Type out every line below exactly as it reads.
──────── Records
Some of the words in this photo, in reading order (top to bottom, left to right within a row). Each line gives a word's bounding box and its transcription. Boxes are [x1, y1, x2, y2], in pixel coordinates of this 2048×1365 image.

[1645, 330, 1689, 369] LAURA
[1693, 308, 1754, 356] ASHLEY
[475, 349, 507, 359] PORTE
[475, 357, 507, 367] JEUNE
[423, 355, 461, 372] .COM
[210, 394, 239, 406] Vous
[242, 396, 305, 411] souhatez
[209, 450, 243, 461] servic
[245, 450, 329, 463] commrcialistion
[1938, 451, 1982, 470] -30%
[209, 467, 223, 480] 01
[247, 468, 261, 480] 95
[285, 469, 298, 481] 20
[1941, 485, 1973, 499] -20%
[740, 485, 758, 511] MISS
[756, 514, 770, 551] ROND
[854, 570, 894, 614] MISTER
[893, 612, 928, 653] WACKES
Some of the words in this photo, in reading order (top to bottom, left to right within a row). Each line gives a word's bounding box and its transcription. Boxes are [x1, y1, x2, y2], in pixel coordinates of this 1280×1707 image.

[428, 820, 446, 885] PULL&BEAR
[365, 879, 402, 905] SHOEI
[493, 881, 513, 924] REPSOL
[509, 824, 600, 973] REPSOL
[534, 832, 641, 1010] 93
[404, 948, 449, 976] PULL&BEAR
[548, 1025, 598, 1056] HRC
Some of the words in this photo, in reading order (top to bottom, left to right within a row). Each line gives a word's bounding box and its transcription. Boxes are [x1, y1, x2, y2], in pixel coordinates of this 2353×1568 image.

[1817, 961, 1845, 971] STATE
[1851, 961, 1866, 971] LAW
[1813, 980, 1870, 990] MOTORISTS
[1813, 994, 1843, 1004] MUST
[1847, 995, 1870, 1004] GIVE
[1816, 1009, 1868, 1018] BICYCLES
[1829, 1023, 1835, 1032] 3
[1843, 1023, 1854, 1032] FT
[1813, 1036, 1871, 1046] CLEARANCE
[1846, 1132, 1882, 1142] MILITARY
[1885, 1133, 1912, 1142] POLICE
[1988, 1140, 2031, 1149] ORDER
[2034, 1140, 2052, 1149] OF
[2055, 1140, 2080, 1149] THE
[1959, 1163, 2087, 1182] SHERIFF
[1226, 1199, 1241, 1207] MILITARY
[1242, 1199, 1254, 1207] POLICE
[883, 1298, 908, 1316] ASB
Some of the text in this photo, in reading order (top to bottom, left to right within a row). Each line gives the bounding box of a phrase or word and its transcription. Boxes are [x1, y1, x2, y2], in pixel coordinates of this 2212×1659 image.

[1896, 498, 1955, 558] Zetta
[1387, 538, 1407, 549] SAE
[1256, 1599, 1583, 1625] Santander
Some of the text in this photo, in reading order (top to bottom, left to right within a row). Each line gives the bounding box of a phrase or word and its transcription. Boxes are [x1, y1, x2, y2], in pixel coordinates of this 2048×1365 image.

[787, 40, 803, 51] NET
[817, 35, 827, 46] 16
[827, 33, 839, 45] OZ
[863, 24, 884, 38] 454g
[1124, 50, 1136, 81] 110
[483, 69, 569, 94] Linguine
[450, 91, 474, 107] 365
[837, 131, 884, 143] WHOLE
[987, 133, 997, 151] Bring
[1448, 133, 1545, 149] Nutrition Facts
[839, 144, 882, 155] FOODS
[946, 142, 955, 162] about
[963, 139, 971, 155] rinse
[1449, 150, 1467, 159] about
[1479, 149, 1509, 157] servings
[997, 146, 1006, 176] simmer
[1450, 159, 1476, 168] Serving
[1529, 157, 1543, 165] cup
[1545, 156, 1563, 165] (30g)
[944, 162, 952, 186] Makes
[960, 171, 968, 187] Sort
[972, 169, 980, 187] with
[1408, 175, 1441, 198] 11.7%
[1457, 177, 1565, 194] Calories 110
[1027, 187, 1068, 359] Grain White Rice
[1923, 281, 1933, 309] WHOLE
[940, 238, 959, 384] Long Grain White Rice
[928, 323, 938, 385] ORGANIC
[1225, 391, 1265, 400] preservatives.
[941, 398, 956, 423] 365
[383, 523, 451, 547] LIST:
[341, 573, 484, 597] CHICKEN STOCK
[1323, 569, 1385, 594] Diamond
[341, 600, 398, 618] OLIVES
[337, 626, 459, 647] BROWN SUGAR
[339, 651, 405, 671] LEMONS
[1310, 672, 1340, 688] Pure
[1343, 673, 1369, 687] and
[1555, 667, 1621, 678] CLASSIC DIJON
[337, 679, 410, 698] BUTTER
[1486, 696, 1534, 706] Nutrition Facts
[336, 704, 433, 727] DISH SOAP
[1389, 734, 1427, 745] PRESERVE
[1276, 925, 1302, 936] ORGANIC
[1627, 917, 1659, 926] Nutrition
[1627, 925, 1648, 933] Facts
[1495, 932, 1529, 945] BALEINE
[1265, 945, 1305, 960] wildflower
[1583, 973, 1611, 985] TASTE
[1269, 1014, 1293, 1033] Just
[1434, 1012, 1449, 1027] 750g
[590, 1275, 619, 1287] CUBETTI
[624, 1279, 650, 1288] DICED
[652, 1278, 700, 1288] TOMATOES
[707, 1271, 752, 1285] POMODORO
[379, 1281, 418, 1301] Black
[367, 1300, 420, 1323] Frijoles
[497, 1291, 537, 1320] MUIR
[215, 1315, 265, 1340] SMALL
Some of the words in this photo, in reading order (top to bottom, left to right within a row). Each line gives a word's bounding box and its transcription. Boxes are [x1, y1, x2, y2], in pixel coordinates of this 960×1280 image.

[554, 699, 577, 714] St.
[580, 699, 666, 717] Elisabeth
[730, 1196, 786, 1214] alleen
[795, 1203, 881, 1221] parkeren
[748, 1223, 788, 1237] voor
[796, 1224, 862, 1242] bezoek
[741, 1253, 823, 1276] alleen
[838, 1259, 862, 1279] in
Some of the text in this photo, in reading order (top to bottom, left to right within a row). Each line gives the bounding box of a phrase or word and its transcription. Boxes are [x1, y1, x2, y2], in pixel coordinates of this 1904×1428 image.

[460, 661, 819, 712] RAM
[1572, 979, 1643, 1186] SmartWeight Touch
────────────────
- [Expected answer]
Some of the words in this photo, in reading order (top to bottom, left to right within a row). Each line gives a word's bounding box and its transcription. Boxes are [x1, y1, x2, y2], in pixel coordinates of this 2048×1365 image.

[1645, 330, 1689, 369] LAURA
[1693, 308, 1754, 356] ASHLEY
[475, 349, 507, 359] PORTE
[475, 357, 507, 367] JEUNE
[423, 355, 461, 372] .COM
[210, 394, 239, 406] Vous
[242, 396, 305, 411] souhatez
[209, 450, 243, 461] servic
[245, 450, 329, 463] commrcialistion
[1938, 451, 1982, 470] -30%
[209, 467, 223, 480] 01
[247, 468, 261, 480] 95
[285, 469, 298, 481] 20
[1941, 485, 1973, 499] -20%
[740, 485, 758, 511] MISS
[756, 514, 770, 551] ROND
[854, 570, 894, 614] MISTER
[893, 612, 928, 653] WACKES
Some of the words in this photo, in reading order (top to bottom, left to right within a row). Each line gives a word's bounding box and its transcription. Boxes are [x1, y1, x2, y2], in pixel coordinates of this 1280×1707 image.

[428, 820, 446, 885] PULL&BEAR
[365, 879, 402, 905] SHOEI
[493, 881, 513, 924] REPSOL
[509, 824, 600, 973] REPSOL
[534, 832, 641, 1010] 93
[404, 948, 449, 976] PULL&BEAR
[548, 1025, 598, 1056] HRC
Some of the words in this photo, in reading order (top to bottom, left to right within a row). Each line gives a word's bounding box and its transcription. Boxes are [x1, y1, x2, y2], in pixel coordinates of this 2353×1568 image.

[1817, 961, 1845, 971] STATE
[1851, 961, 1866, 971] LAW
[1813, 980, 1870, 990] MOTORISTS
[1813, 994, 1843, 1004] MUST
[1847, 995, 1870, 1004] GIVE
[1816, 1009, 1868, 1018] BICYCLES
[1829, 1023, 1835, 1032] 3
[1843, 1023, 1854, 1032] FT
[1813, 1036, 1871, 1046] CLEARANCE
[1846, 1132, 1882, 1142] MILITARY
[1885, 1133, 1912, 1142] POLICE
[1988, 1140, 2031, 1149] ORDER
[2034, 1140, 2052, 1149] OF
[2055, 1140, 2080, 1149] THE
[1959, 1163, 2087, 1182] SHERIFF
[1226, 1199, 1241, 1207] MILITARY
[1242, 1199, 1254, 1207] POLICE
[883, 1298, 908, 1316] ASB
Some of the text in this photo, in reading order (top to bottom, left to right within a row). Each line gives the bounding box of a phrase or word and its transcription. Boxes are [x1, y1, x2, y2], in pixel coordinates of this 2212×1659 image.

[1896, 498, 1955, 558] Zetta
[1387, 538, 1407, 549] SAE
[1256, 1599, 1583, 1625] Santander
Some of the text in this photo, in reading order (top to bottom, left to right within a row). Each line gives the bounding box of a phrase or word and its transcription. Boxes are [x1, y1, x2, y2], in pixel coordinates of this 2048×1365 image.

[787, 40, 803, 51] NET
[817, 35, 827, 46] 16
[827, 33, 839, 45] OZ
[863, 24, 884, 38] 454g
[1124, 50, 1136, 81] 110
[483, 69, 569, 94] Linguine
[450, 91, 474, 107] 365
[837, 131, 884, 143] WHOLE
[987, 133, 997, 151] Bring
[1448, 133, 1545, 149] Nutrition Facts
[839, 144, 882, 155] FOODS
[946, 142, 955, 162] about
[963, 139, 971, 155] rinse
[1449, 150, 1467, 159] about
[1479, 149, 1509, 157] servings
[997, 146, 1006, 176] simmer
[1450, 159, 1476, 168] Serving
[1529, 157, 1543, 165] cup
[1545, 156, 1563, 165] (30g)
[944, 162, 952, 186] Makes
[960, 171, 968, 187] Sort
[972, 169, 980, 187] with
[1408, 175, 1441, 198] 11.7%
[1457, 177, 1565, 194] Calories 110
[1027, 187, 1068, 359] Grain White Rice
[1923, 281, 1933, 309] WHOLE
[940, 238, 959, 384] Long Grain White Rice
[928, 323, 938, 385] ORGANIC
[1225, 391, 1265, 400] preservatives.
[941, 398, 956, 423] 365
[383, 523, 451, 547] LIST:
[341, 573, 484, 597] CHICKEN STOCK
[1323, 569, 1385, 594] Diamond
[341, 600, 398, 618] OLIVES
[337, 626, 459, 647] BROWN SUGAR
[339, 651, 405, 671] LEMONS
[1310, 672, 1340, 688] Pure
[1343, 673, 1369, 687] and
[1555, 667, 1621, 678] CLASSIC DIJON
[337, 679, 410, 698] BUTTER
[1486, 696, 1534, 706] Nutrition Facts
[336, 704, 433, 727] DISH SOAP
[1389, 734, 1427, 745] PRESERVE
[1276, 925, 1302, 936] ORGANIC
[1627, 917, 1659, 926] Nutrition
[1627, 925, 1648, 933] Facts
[1495, 932, 1529, 945] BALEINE
[1265, 945, 1305, 960] wildflower
[1583, 973, 1611, 985] TASTE
[1269, 1014, 1293, 1033] Just
[1434, 1012, 1449, 1027] 750g
[590, 1275, 619, 1287] CUBETTI
[624, 1279, 650, 1288] DICED
[652, 1278, 700, 1288] TOMATOES
[707, 1271, 752, 1285] POMODORO
[379, 1281, 418, 1301] Black
[367, 1300, 420, 1323] Frijoles
[497, 1291, 537, 1320] MUIR
[215, 1315, 265, 1340] SMALL
Some of the words in this photo, in reading order (top to bottom, left to right within a row). Each line gives a word's bounding box and its transcription. Boxes are [x1, y1, x2, y2], in pixel coordinates of this 960×1280 image.

[554, 699, 577, 714] St.
[580, 699, 666, 717] Elisabeth
[730, 1196, 786, 1214] alleen
[795, 1203, 881, 1221] parkeren
[748, 1223, 788, 1237] voor
[796, 1224, 862, 1242] bezoek
[741, 1253, 823, 1276] alleen
[838, 1259, 862, 1279] in
Some of the text in this photo, in reading order (top to bottom, left to right within a row). Each line gives the bounding box of a phrase or word and its transcription. Boxes are [x1, y1, x2, y2], in pixel coordinates of this 1904×1428 image.

[460, 661, 819, 712] RAM
[1572, 979, 1643, 1186] SmartWeight Touch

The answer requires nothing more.